On Tuesday, November 16th, the topic of climate change returned to parliament hill with full force; with the forming of a “People’s Assembly for Climate Justice” in the hallways in the morning, and the killing of Bill C-311, the Climate Change Accountability Act, which had already been passed by the House of Commons, in a surprise vote in the Senate in the evening.

My day started when I walked into the visitors’ entrance of the Canadian parliament.  Though, unlike most visitors, I wasn’t there just to observe.  I walked through the doors with a clear intention to bring the discussion on climate justice to those who refuse to discuss it; and I was not alone.  A banner was dropped from the second floor of the rotunda that said “If they wont get to work on Climate Justice, we will”, and I quickly ran to the centre of the room where I was joined by other concerned community members who also organize as a part of Climate Justice Ottawa, and we did exactly as the banner said we would, we got to work.  We started a “People’s Assembly on Climate Justice” and called on all people from the various communities in Canada to come join us.  Our demand was that the government discuss how to restore the integrity of ecosystems, how to ensure just transitions for workers, and how to support grassroots solutions to climate change with all community members across the country, starting with us.  We had five steps for climate justice to personally deliver to politicians; but instead of speaking with us or our many allies rallying outside, we were hauled out of the rotunda by parliamentary security and charged for trespassing.

While in detention, it was suggested to us that we should look into “more respectful” ways to offer our opinion to decision makers.  However, what this suggestion failed to see was that when we voted, hoping for them to mitigate emissions and to make adaptation plans for environmental refugees, they allowed emissions to rise more than 24% since 1990 and reduced refugee quotas by 40-60%.  When we wrote reports about the abnormally high cancer rates in downstream communities from the leaching of toxins from tar sands tailings ponds, they approved a tailings pond with only 3-sides, so toxins now will not only leach, but outright flow into the muskeg.  When we petitioned for politicians to pass bill C-300, which government the authority to withhold public funds from Canadian mining companies committing human rights abuses and degrading the ecosystems of communities abroad, members from three parties stayed home or voted against the bill, leaving the communities without even the smallest recourse when Canadian companies destroy their health and the environments they live in. When we had rallies for sustainable community-based jobs across the country, they spent $2.8 billion subsidizing oil companies that strip mine indigenous lands and take workers away from their communities.  When we wrote letters asking for the preservation of traditional arctic cultures that are disappearing as the ecosystems they are connected to change at an unprecedented rate, they focus on securing sovereignty over the arctic so they can drill for more oil when the ice these cultures are based on melts away.  I put my freedom on the line in the Canadian parliament that morning, because I, along with thousands of others, have tried “more respectful” ways, and they don’t listen.  So, I, along with my friends, decided that we needed to bring the message directly to them, because if they aren’t going to get to work on climate justice, we will.
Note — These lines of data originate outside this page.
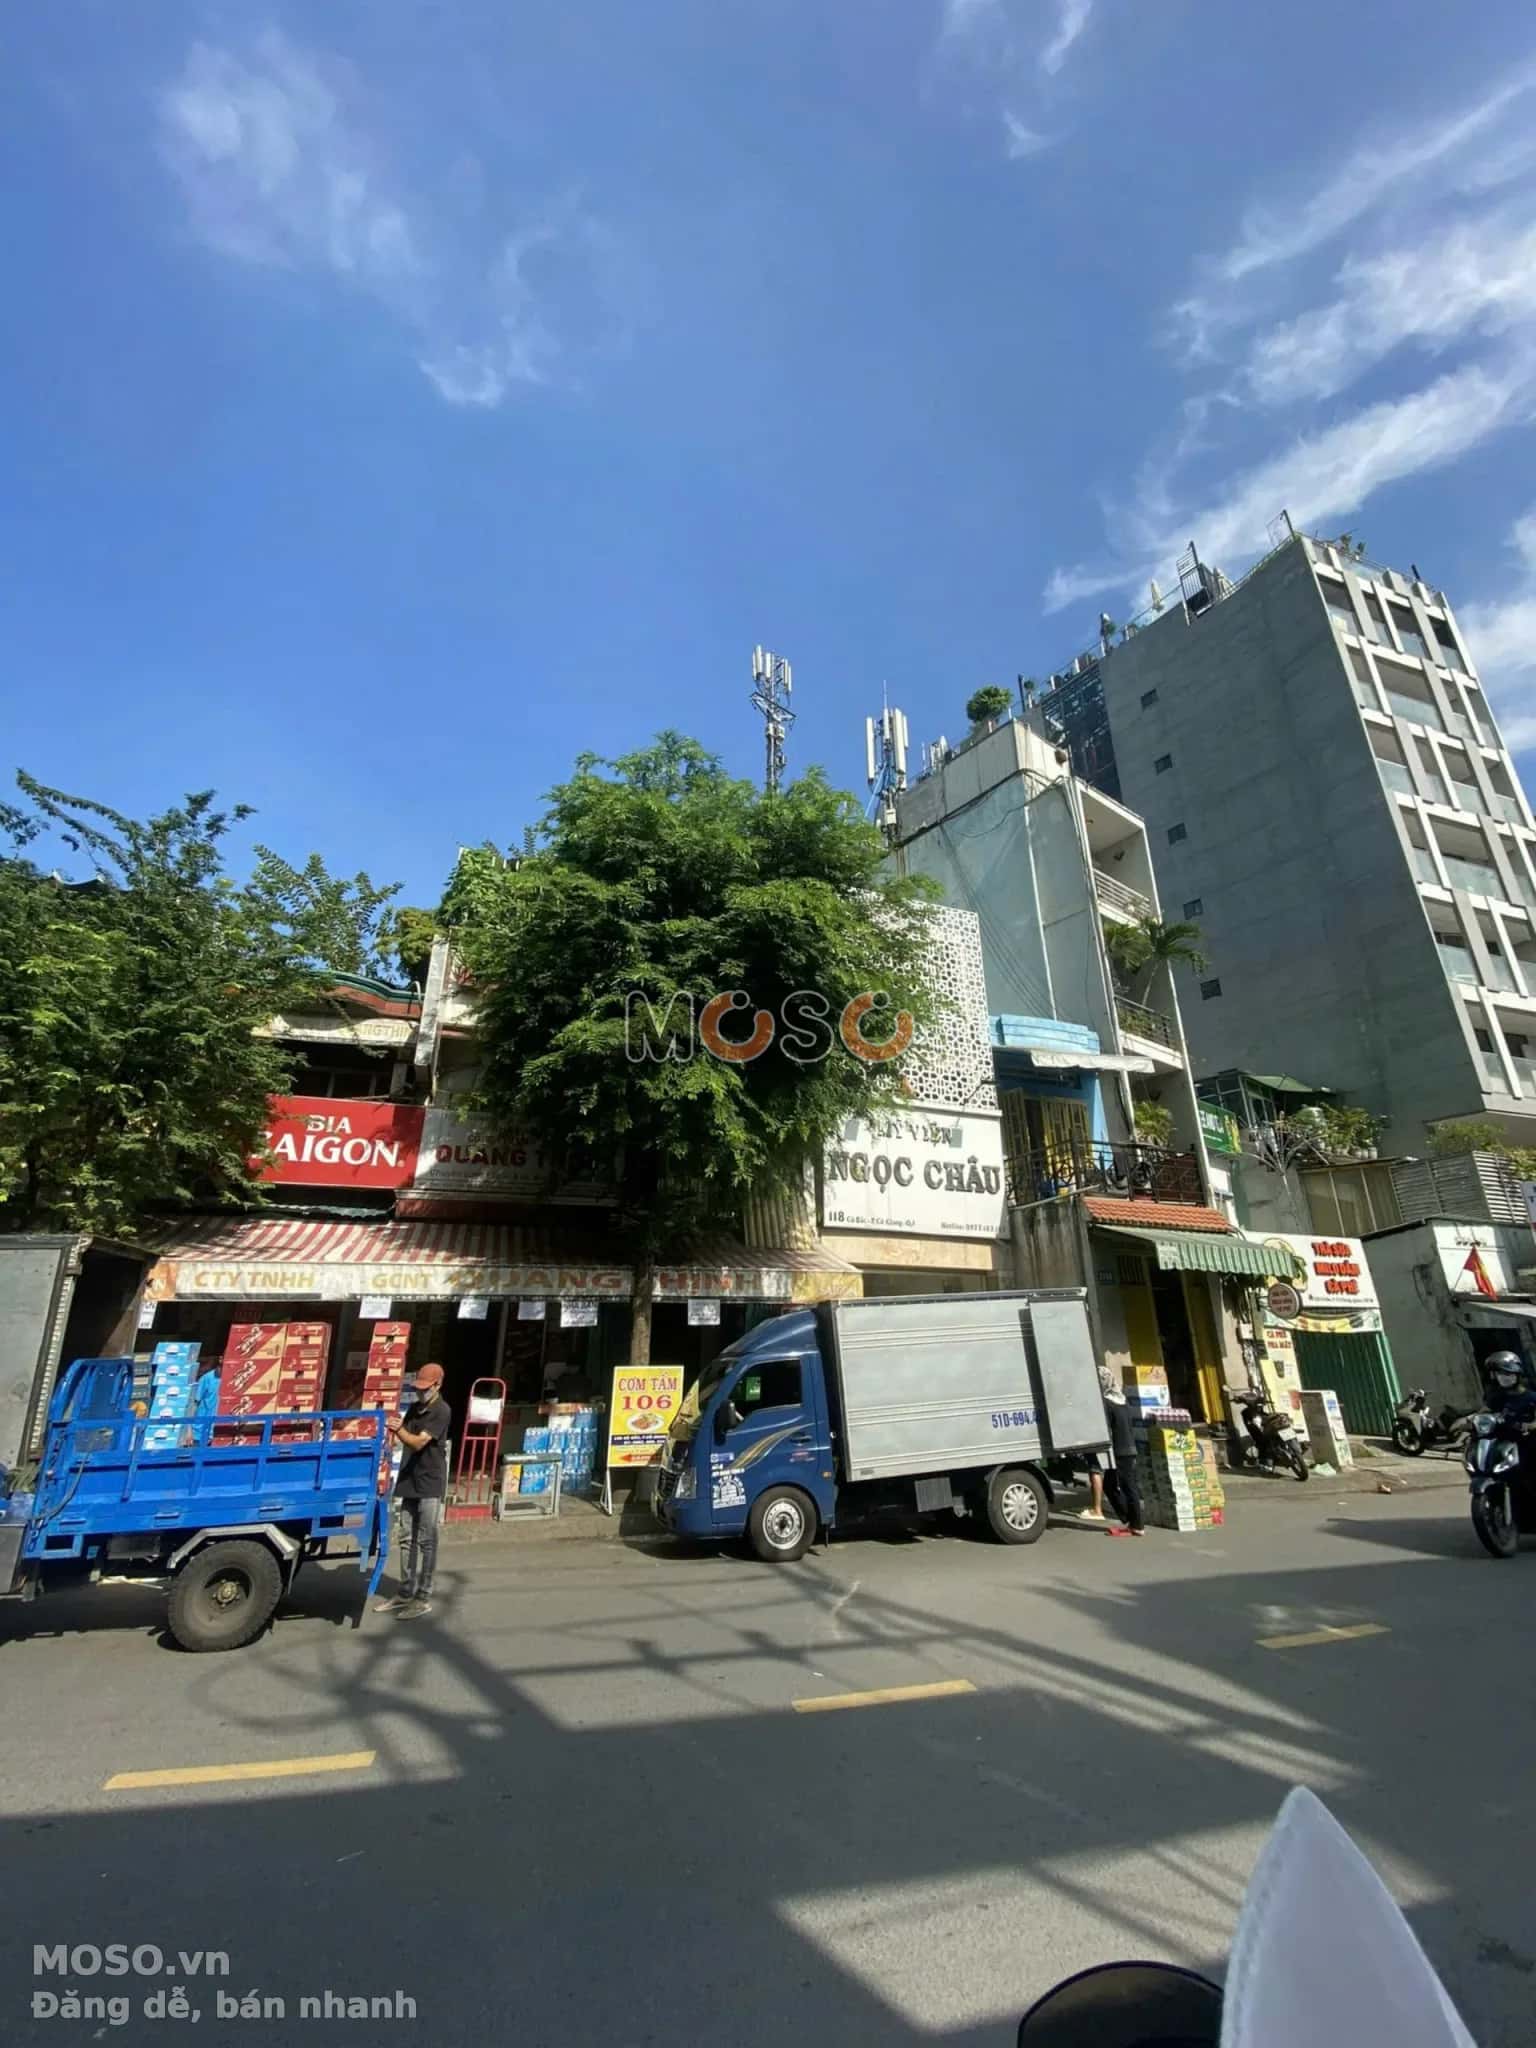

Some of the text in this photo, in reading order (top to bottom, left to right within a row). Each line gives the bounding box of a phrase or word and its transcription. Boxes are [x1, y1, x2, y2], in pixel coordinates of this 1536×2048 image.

[829, 1151, 1001, 1195] NGỌC CHÂU
[829, 1211, 845, 1223] 118
[194, 1271, 241, 1288] CTY
[248, 1271, 316, 1288] TNHH
[618, 1376, 646, 1391] CƠM
[622, 1395, 672, 1410] 106
That evening, the issue of climate change was brought up in parliament once again, but this time not in the hallways, but instead in the senate.  Bill C-311, which, under pressure from the government, unelected senators actively avoided talking about for 193 days, came back onto the agenda by surprise.  This bill, the Climate Change Accountability Act, called for Canada to honour its commitment to lower greenhouse gas emissions to 20% below 1990 levels by 2020.  Though, while it called for much less than what those most affected by climate change are calling for, and it allowed emissions to remain high enough to still risk setting off many dangerous feedback loops and make entire nation disappear off the map – it was a first step in the right direction and it was all we had.  However, senators had little interest in actually discussing the important bill, and the question was soon called, meaning went to a vote while many senators were absent; because these senators we absent, the bill, which had already been passed in the House of Commons six months earlier, died.  The juxtaposition of this with a grassroots movement starting a conversation on climate justice made it clearer than ever; power holders will do everything possible, including circumventing any semblance of democracy we have, to allow their friends to continue profiting from the destruction of ecosystems and communities.  This is about a lot more than writing letters and asking politely.

Every movement in history used civil disobedience and direct action as key parts of demanding change.  Where would the civil rights movement be without Rosa Parks taking direct action by riding in the front of Montgomery bus and lunch counter sit-ins? Would we have overtime pay and weekends without the labour movement taking direct action through worker’s strikes?  Human-induced climate change, and all the injustice it causes and is caused by, is morally unacceptable.  It is time to show our “leaders” that we are not going to let them roll over our communities and ecosystems any longer.  It is time for people from all walks of life to reclaim power and engage in or support mass civil disobedience.  This is why, I, a busy, Alberta-raised, university student with a part-time job, was willing to risk arrest and state repression to confront climate injustice.  And I will do it again, and next time, I hope you’ll join me.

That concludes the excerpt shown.